16 November – 10 December
Join us for opening night, Friday 16 November at 5.30pm.
“We’ve reached an unprecedented moment in planetary history – the Anthropocene,” says artist Kevina-Jo Smith. The Anthropocene is a term used to describe the current epoch, characterised by significant human impact on the Earth’s geology and ecosystems.
“I have been investigating the idea of the cyclical nature of human behaviour - the idea that we’re going in circles. I envisage a cyclone, where there is an inward-moving cycle and an outward-moving cycle. That is how I feel humankind is behaving – some people doing everything they can to undo or at least not contribute to the problem, and some people are just winding deeper and deeper into environmental chaos.”
Kevina is known for her practice of creating large scale weavings using upcycled materials. For this exhibition, she has taken inspiration from the image of the cyclone, creating scaled-down circular weavings that reflect the tension between the inner and outer cycles, not only of the weather system, but of how humankind is dealing - or not - with anthropogenic climate change.
“There are now so many of us, using so many resources, that we’re disrupting the great natural cycles. Almost all the planet’s ecosystems bear the mark of our presence. As Oxford University geographer, Professor Andrew Barry says, our ‘impacts are now connected, and systemic.’ This interconnectedness is what I have tried to reflect in my artwork.”

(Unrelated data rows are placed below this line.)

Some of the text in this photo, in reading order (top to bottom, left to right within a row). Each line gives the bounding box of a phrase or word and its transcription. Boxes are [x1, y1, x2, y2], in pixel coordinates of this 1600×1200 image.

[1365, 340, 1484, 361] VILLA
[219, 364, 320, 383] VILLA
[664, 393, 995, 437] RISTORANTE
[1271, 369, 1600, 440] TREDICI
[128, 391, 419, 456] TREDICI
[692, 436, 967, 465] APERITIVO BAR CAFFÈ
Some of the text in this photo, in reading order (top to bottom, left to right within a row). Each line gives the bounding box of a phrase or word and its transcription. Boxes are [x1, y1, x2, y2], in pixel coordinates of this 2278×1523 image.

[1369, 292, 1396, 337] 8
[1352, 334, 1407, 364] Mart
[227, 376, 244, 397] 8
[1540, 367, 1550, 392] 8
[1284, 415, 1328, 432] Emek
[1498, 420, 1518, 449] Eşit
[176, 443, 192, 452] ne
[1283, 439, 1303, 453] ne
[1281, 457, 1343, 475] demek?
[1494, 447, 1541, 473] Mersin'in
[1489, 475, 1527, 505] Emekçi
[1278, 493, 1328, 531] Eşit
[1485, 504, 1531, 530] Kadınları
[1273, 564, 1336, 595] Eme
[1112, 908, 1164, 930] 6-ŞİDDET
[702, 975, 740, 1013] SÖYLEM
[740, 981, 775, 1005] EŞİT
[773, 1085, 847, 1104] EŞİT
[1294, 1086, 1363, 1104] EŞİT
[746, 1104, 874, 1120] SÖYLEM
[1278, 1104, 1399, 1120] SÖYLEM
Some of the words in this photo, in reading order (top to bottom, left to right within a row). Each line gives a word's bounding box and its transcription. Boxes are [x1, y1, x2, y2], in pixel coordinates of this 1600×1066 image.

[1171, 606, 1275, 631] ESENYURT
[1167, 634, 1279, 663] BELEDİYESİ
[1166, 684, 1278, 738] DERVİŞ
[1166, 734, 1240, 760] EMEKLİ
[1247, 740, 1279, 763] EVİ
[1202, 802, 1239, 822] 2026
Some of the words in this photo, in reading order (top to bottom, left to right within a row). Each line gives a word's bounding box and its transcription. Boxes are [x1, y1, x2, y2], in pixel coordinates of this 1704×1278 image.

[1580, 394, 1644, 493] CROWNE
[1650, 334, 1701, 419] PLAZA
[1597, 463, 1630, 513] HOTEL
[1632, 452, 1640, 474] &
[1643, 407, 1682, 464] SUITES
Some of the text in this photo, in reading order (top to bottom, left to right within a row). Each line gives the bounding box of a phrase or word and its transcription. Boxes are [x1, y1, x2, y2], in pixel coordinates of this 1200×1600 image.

“While creating these artworks I have also been preparing to give birth for the first time – and so it is important for me to consider not only my personal impact on the environment, but also the impact my child will have on this planet.”
“I have been reconfiguring my practice, adjusting to working on a smaller scale. I have been researching and speaking to other artists about how they have continued their creative practice once becoming a parent, and I hope the meditative nature of this process and my art practice encourages the audience to stop and think about their own personal impacts, and what they can do to change it.”